Warrant to Purchase Shares of Common Stock

EX-10.5 6 c12184exv10w5.htm WARRANT TO PURCHASE SHARES OF COMMON STOCK exv10w5
 

Exhibit 10.5
THE SECURITIES REPRESENTED BY THIS CERTIFICATE HAVE BEEN ACQUIRED FOR INVESTMENT AND NOT WITH A VIEW TO, OR IN CONNECTION WITH, THE SALE OR DISTRIBUTION THEREOF, AND HAVE NOT BEEN REGISTERED UNDER THE SECURITIES ACT OF 1933 AND MAY NOT BE SOLD, TRANSFERRED OR ASSIGNED UNLESS COVERED BY AN EFFECTIVE REGISTRATION STATEMENT UNDER SAID ACT, A TRANSFER MEETING THE REQUIREMENTS OF RULE 144 OR REGULATION S OF THE SECURITIES AND EXCHANGE COMMISSION, OR AN OPINION OF COUNSEL SATISFACTORY TO THE ISSUER TO THE EFFECT THAT ANY SUCH TRANSFER IS EXEMPT FROM SUCH REGISTRATION.

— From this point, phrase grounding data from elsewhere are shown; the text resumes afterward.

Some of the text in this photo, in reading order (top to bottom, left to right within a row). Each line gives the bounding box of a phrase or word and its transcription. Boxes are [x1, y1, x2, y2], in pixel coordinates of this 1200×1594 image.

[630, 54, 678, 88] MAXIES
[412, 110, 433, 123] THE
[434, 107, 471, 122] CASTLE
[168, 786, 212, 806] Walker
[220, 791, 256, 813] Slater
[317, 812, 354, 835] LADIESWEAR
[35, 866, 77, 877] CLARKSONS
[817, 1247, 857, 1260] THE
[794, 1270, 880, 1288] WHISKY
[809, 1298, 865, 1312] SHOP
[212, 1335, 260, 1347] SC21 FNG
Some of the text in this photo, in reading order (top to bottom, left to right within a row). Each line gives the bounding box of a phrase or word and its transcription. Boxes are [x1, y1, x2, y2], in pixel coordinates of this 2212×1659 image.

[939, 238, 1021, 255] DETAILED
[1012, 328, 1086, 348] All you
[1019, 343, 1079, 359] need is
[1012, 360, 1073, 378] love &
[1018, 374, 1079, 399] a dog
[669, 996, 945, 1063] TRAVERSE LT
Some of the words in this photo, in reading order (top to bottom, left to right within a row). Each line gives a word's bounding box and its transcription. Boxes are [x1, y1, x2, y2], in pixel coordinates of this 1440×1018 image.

WARRANT TO PURCHASE SHARES
OF
COMMON STOCK OF
INDIA GLOBALIZATION CAPITAL, INC.
     This certifies that, for good and valuable consideration, receipt and sufficiency of which are hereby acknowledged, OLIVEIRA CAPITAL, LLC or its registered assigns (the “Holder”), is entitled, subject to the terms and conditions set forth below and in the Note and Warrant Purchase Agreement dated as of February 5, 2007 (the “Purchase Agreement”) by and between the Holder and India Globalization Capital, Inc., a Maryland corporation (the “Company”) to purchase from the Company, shares of the Company’s Common Stock (the “ Stock”) as more particularly set forth in paragraph 2 hereof. The term “Warrant” as used herein shall mean this Warrant, and any warrants delivered in substitution or exchange therefor as provided herein.
     1. Term of Warrant. Subject to the terms and conditions set forth herein, this Warrant shall be exercisable, in whole or in part, during the term commencing on the closing of a Business Combination Financing as defined in that certain promissory note made by the Company to the Holder (the “Note”) and ending on the fifth anniversary of the date hereof (the “Exercise Period”).
     2. Number of Shares, Exercise Price. The Warrant shall be exercisable for:
     (a) Four hundred twenty five thousand 425,000 shares of Common Stock.
     (b) The exercise price per share (the “Exercise Price”) shall be $5.00.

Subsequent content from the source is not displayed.